Recently, Evans says, he was asked a deceptively simple question: why put music to these old words at all? “The answer is that there’s something we’re trying to achieve in the band that’s beyond words, a sublime quality beyond linguistics that we’re attempting to convey, that attempts to evoke some sublime experience, that will somehow bring you closer to a sense of the ancestral. Playing traditional music brings you into a community of ghosts,” he says. The words themselves are important, he continues, “but the music we’re making often moves like this organic bed of viscous material around the voice. With the mind’s eye you can see through all the versions you’ve ever heard of these songs, see the sublimity in the words, but also in the way the contours move you can see a way that they can be blown out, experimented with and heightened.”
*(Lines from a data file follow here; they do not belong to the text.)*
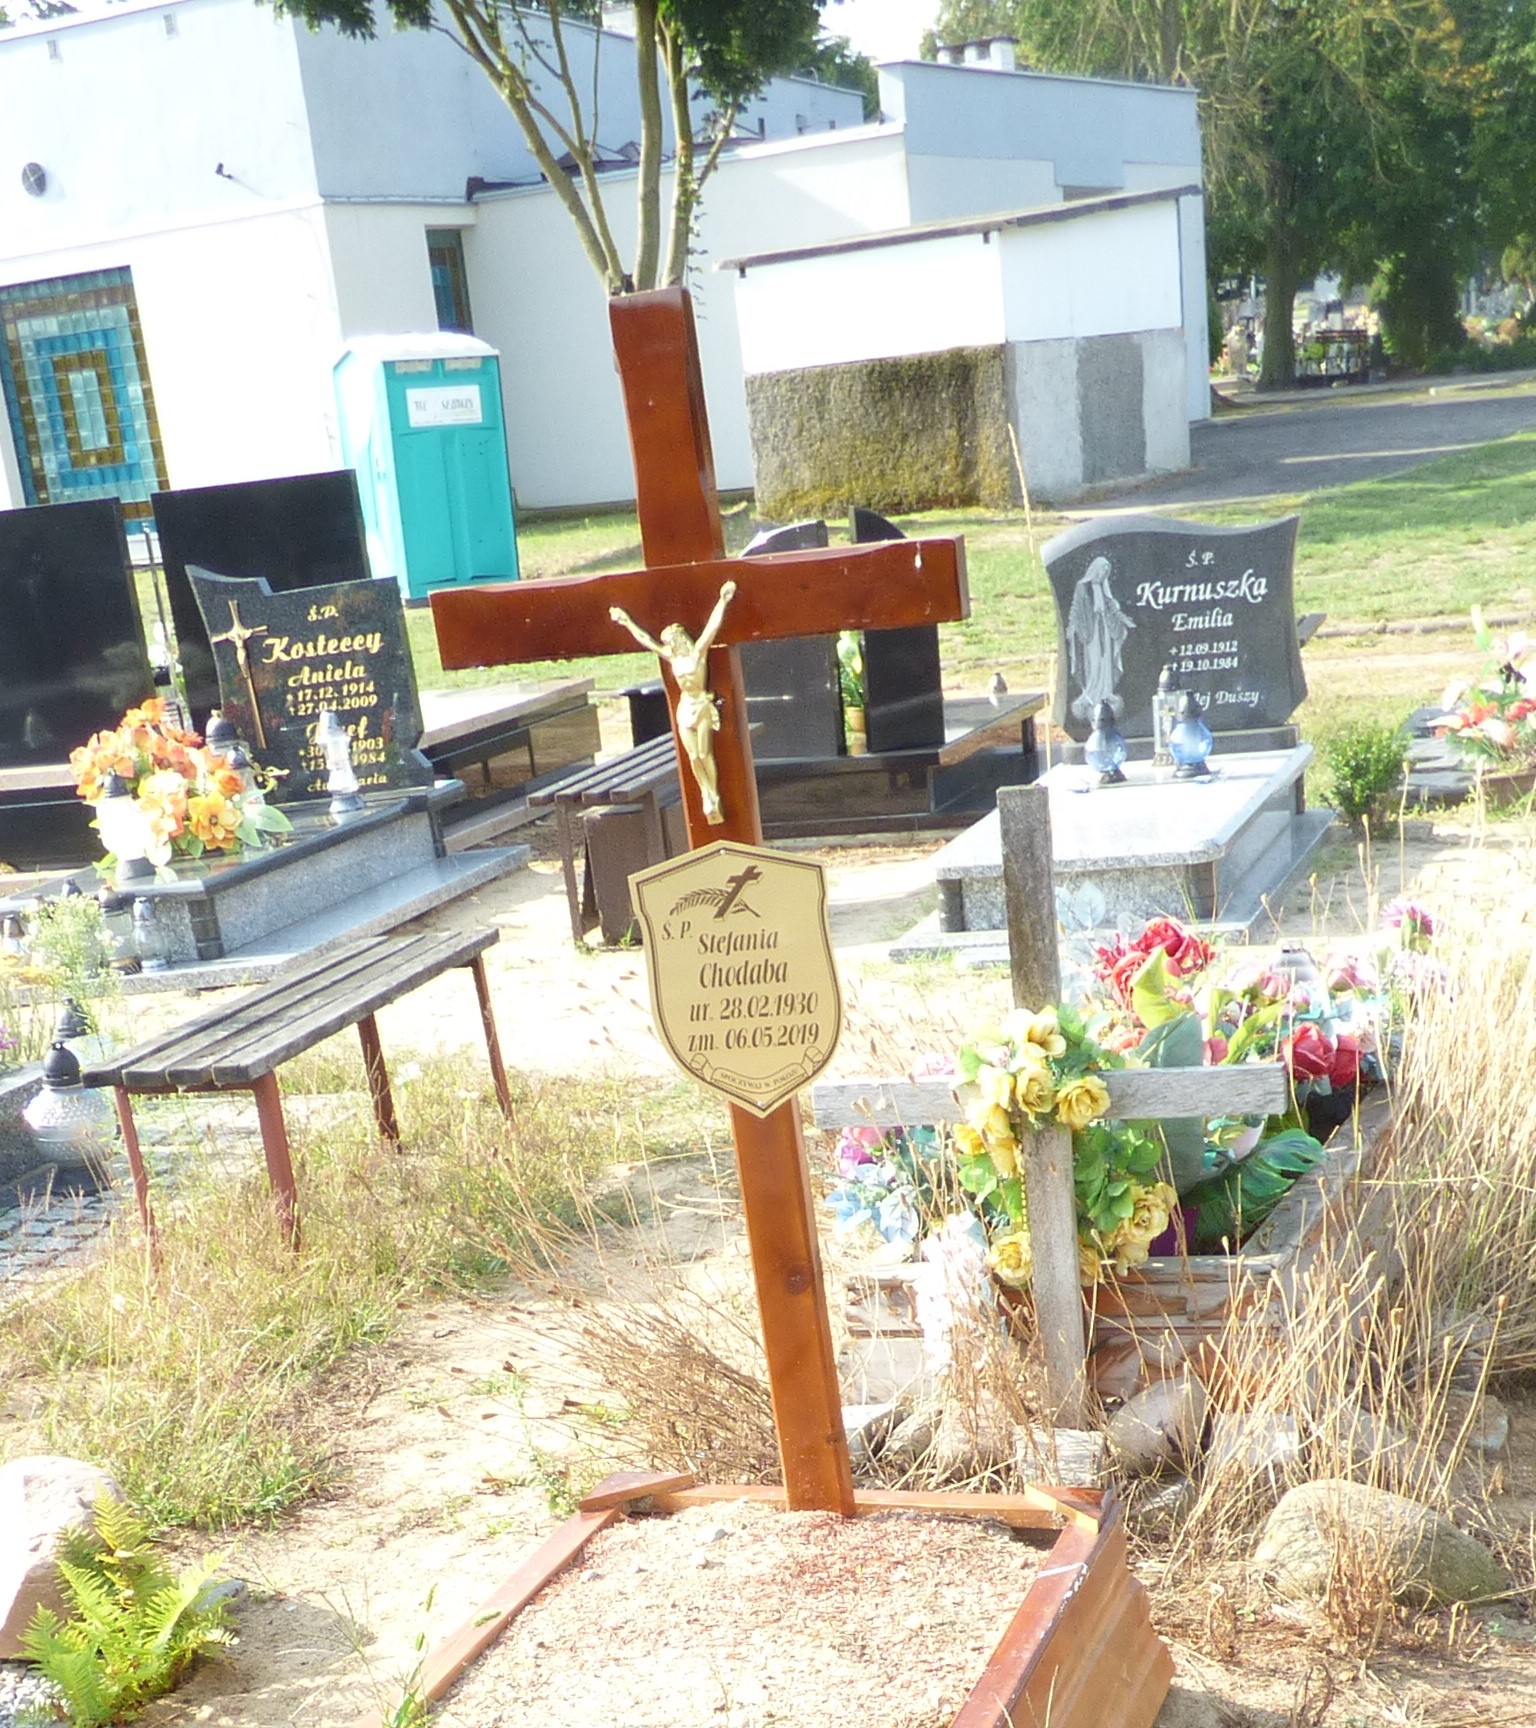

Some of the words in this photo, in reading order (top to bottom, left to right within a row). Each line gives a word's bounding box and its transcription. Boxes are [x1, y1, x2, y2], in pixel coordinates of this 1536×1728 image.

[1136, 569, 1268, 609] Kurnuszka
[1171, 607, 1233, 631] Emilia
[262, 632, 384, 663] Kosteccy
[288, 660, 367, 687] Aniela
[698, 928, 778, 956] Stefania
[699, 958, 788, 989] Chodaba
[720, 991, 819, 1020] 28.02.1930
[688, 1034, 719, 1052] zm.
[725, 1022, 819, 1049] 06.05.2019
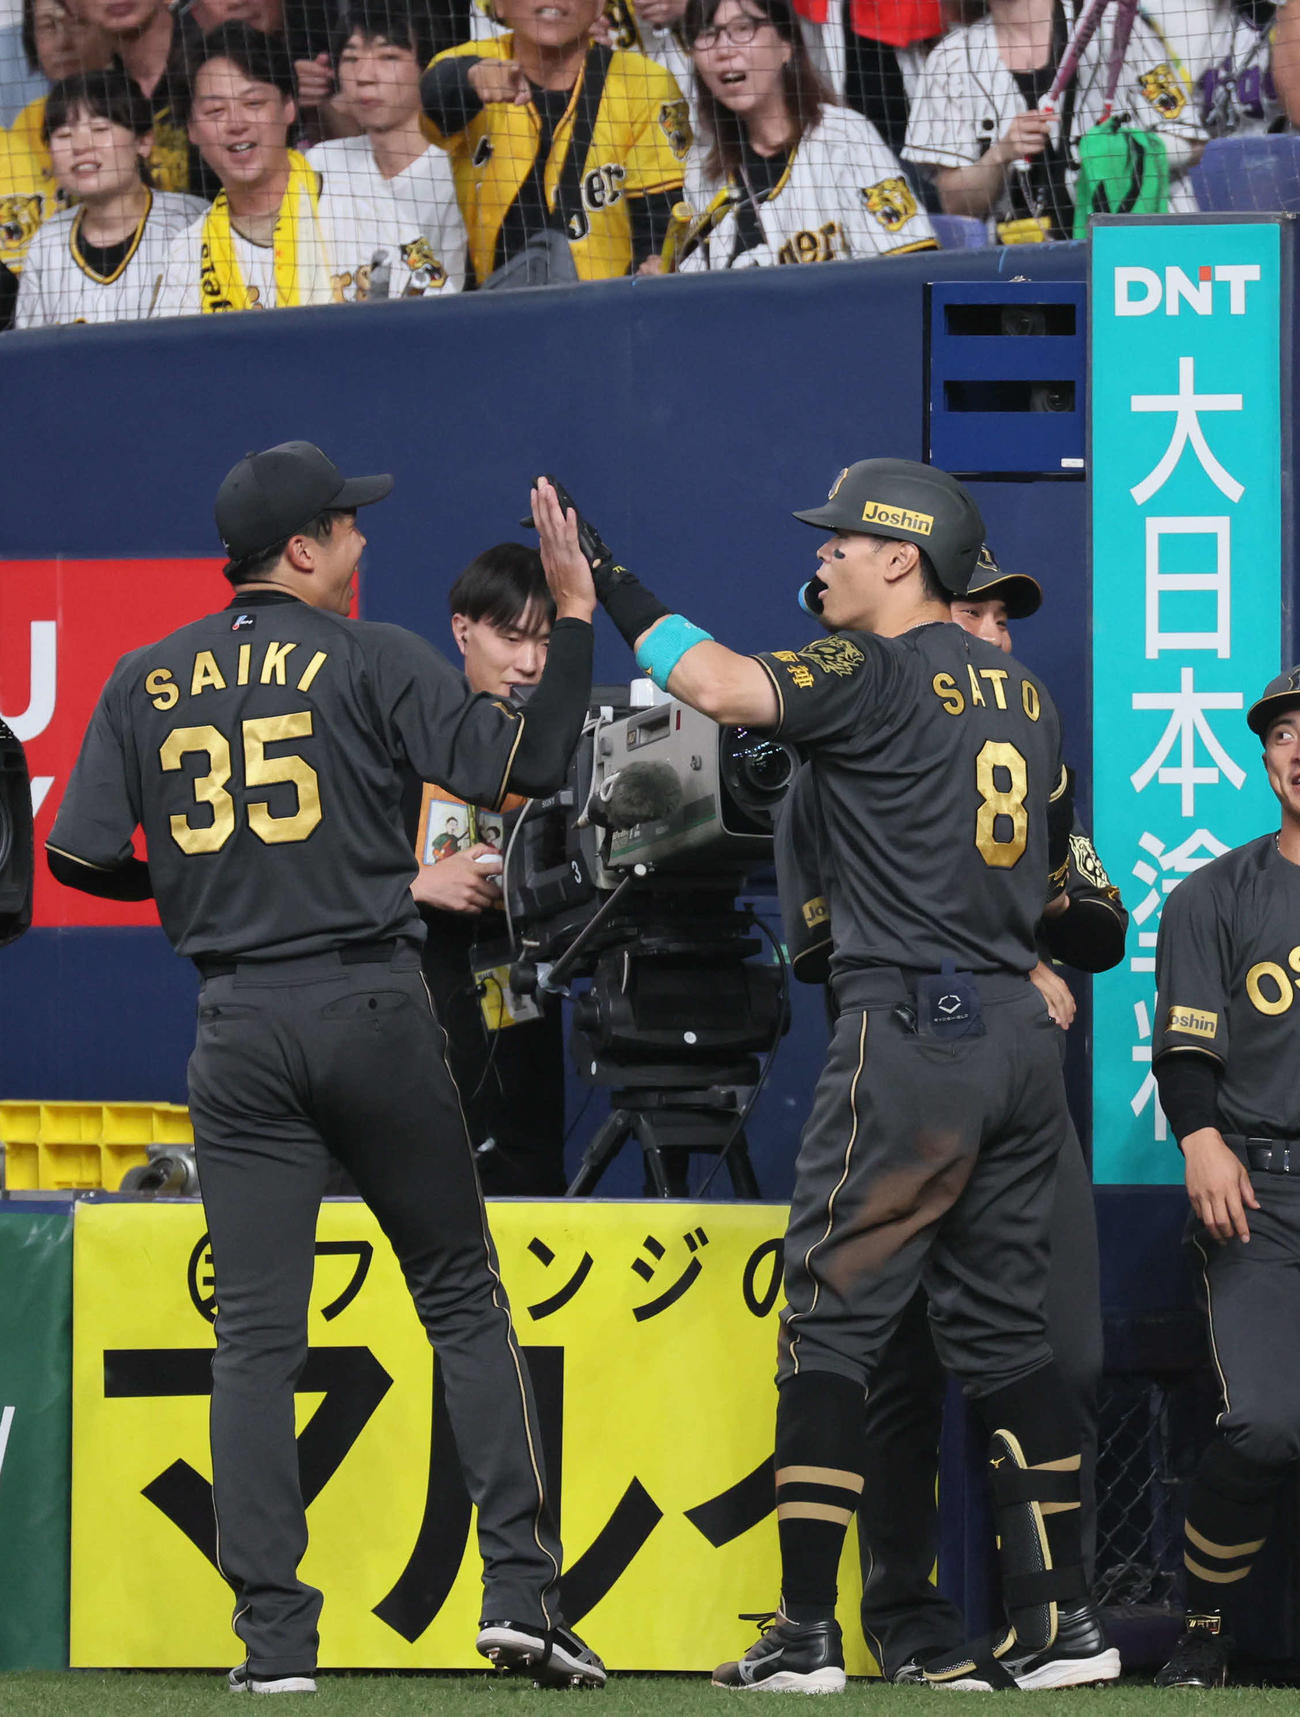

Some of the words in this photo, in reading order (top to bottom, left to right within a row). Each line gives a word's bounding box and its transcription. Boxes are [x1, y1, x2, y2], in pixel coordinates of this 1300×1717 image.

[1114, 264, 1261, 317] DNT
[865, 504, 931, 532] Joshin
[144, 641, 328, 711] SAIKI
[931, 663, 1041, 723] SATO
[158, 710, 323, 856] 35
[975, 739, 1030, 869] 8
[571, 860, 582, 884] 3
[1170, 1012, 1216, 1033] oshin
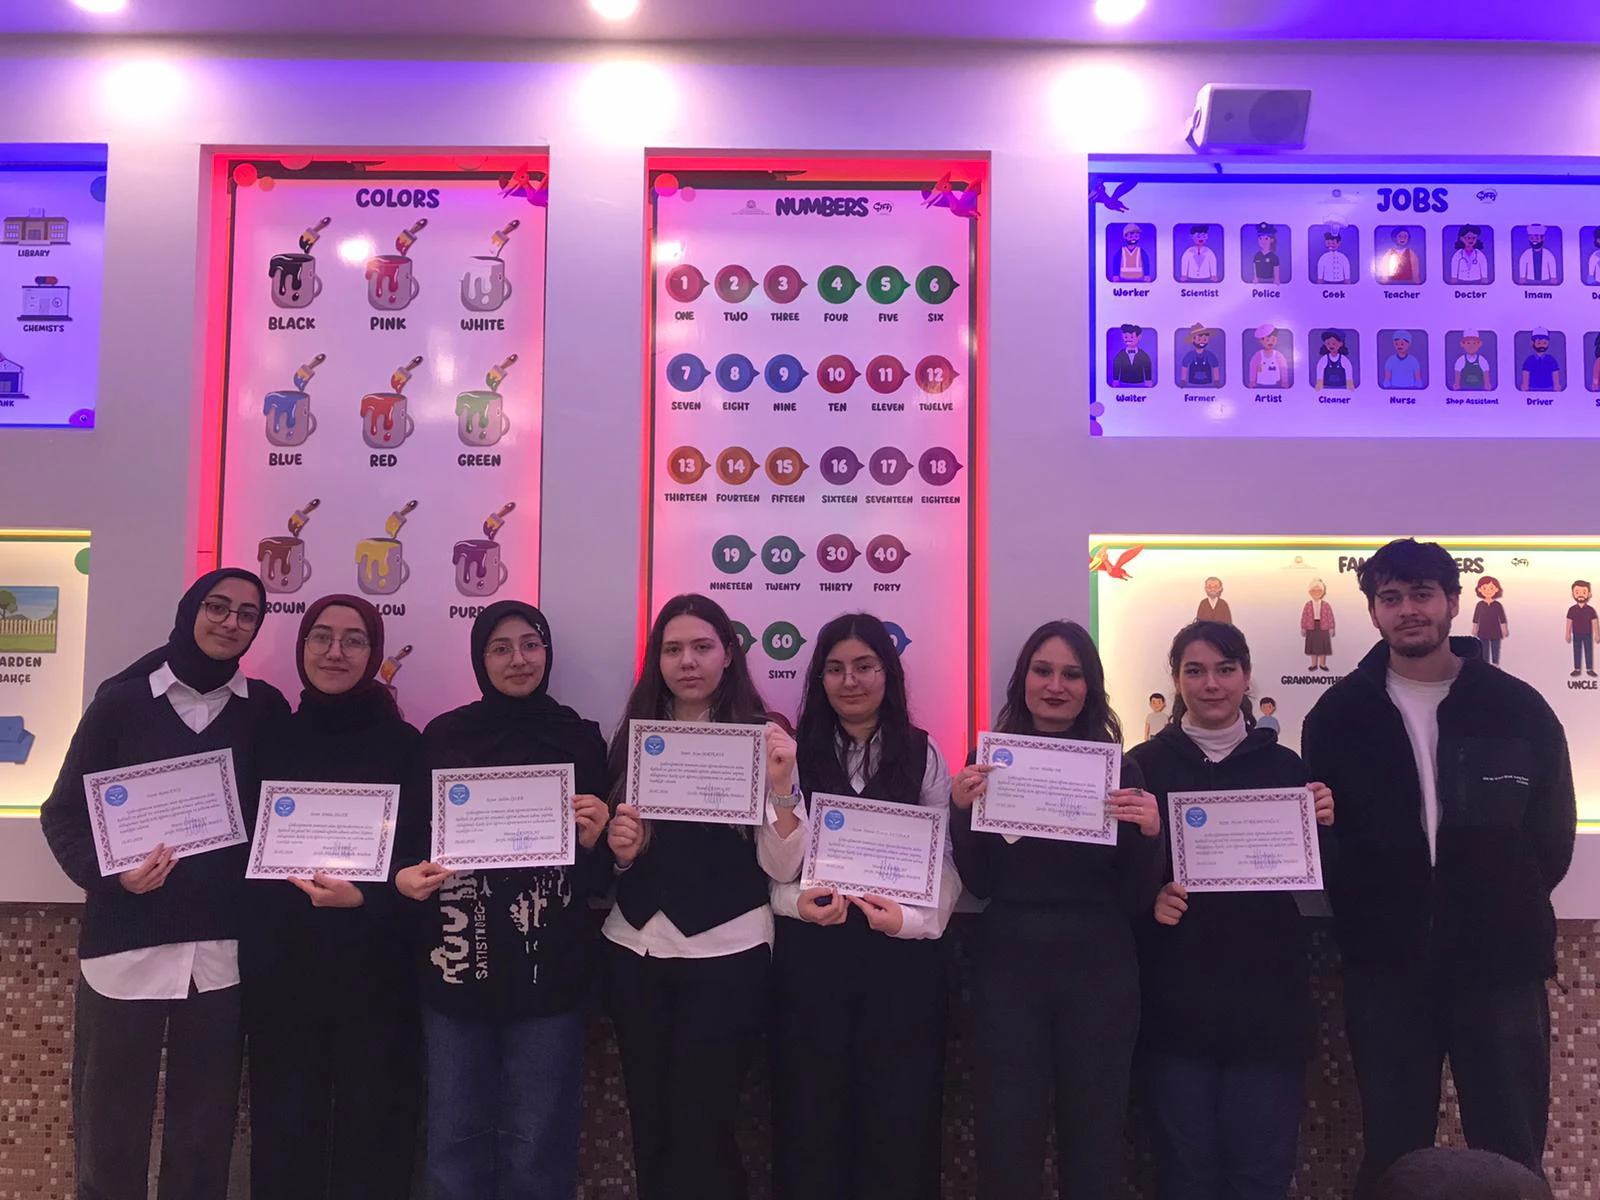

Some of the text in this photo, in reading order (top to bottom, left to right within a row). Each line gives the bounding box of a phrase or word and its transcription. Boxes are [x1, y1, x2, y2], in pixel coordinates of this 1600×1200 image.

[356, 188, 440, 209] COLORS
[1377, 187, 1448, 213] JOBS
[775, 196, 869, 217] NUMBERS
[17, 249, 50, 257] LIBRARY
[680, 276, 688, 289] 1
[729, 276, 739, 290] 2
[778, 277, 788, 290] 3
[832, 277, 842, 291] 4
[880, 277, 891, 291] 5
[930, 278, 939, 292] 6
[1113, 288, 1150, 297] Worker
[1181, 289, 1219, 297] Scientist
[1252, 289, 1280, 298] Police
[1322, 290, 1345, 299] Cook
[1384, 290, 1420, 299] Teacher
[1454, 290, 1487, 299] Doctor
[1524, 291, 1552, 299] Imam
[675, 311, 694, 321] ONE
[724, 312, 748, 321] TWO
[771, 313, 799, 321] THREE
[824, 313, 848, 322] FOUR
[879, 313, 898, 322] FIVE
[928, 313, 944, 322] SIX
[268, 317, 315, 330] BLACK
[370, 317, 406, 330] PINK
[460, 318, 505, 331] WHITE
[681, 366, 691, 380] 7
[730, 367, 739, 380] 8
[779, 367, 788, 381] 9
[827, 368, 845, 381] 10
[879, 368, 893, 381] 11
[927, 369, 943, 381] 12
[1116, 394, 1146, 402] Waiter
[1184, 394, 1215, 402] Farmer
[1255, 394, 1282, 403] Artist
[1318, 396, 1350, 404] Cleaner
[1390, 396, 1416, 405] Nurse
[1526, 397, 1553, 406] Driver
[672, 402, 701, 410] SEVEN
[723, 402, 750, 411] EIGHT
[773, 403, 797, 411] NINE
[828, 403, 847, 412] TEN
[872, 403, 904, 412] ELEVEN
[919, 403, 953, 412] TWELVE
[268, 453, 302, 466] BLUE
[370, 454, 397, 467] RED
[458, 454, 501, 467] GREEN
[678, 459, 695, 472] 13
[726, 459, 745, 473] 14
[776, 459, 793, 473] 15
[831, 459, 847, 473] 16
[880, 460, 897, 473] 17
[930, 460, 947, 473] 18
[664, 493, 707, 502] THIRTEEN
[716, 494, 760, 502] FOURTEEN
[772, 494, 805, 503] FIFTEEN
[822, 495, 857, 504] SIXTEEN
[866, 496, 913, 504] SEVENTEEN
[921, 496, 960, 504] EIGHTEEN
[723, 548, 740, 562] 19
[771, 548, 791, 562] 20
[826, 547, 847, 561] 30
[875, 547, 897, 561] 40
[710, 582, 752, 591] NINETEEN
[765, 583, 800, 591] TWENTY
[819, 583, 852, 591] THIRTY
[874, 583, 901, 592] FORTY
[265, 602, 305, 614] ROWN
[376, 604, 405, 616] LOW
[772, 634, 792, 648] 60
[0, 656, 42, 667] ARDEN
[769, 670, 796, 680] SIXTY
[1567, 680, 1597, 690] UNCLE
When firing on all cylinders – as they most certainly are on these recordings – Shovel Dance Collective succeed in tapping into the sublime. For both audience and band, a gig can be transcendent; Dean might have been going through a tough time in the days that surrounded the show, but when onstage, he says, “there was a division. I was there, surrounded by all my friends and playing great music. In quite an uncynical way, when I sing these songs I do feel like I’m entering the realm of the ancestors, entering this kind of time vortex. It’s kind of an addictive feeling.” On those wanders around the Wiltshire countryside, he says, it was ultimately not the landscape that most moved him, but the remnants of all those who have once inhabited it, who might have attended that church, and before that the sacred site that stood there previously, or who looked up at the White Horse just as he did as they wandered those hills. “This density of human culture, death, and life.” This, ultimately, is what’s at the heart of Shovel Dance Collective’s work, and the reason it resonates so strongly – a desire to go beyond the pastoral and bucolic imagery so often fetishized by lesser practitioners, and to refocus the gaze on the joy, sorrow, ugliness, messiness and brilliance of the people who have come before.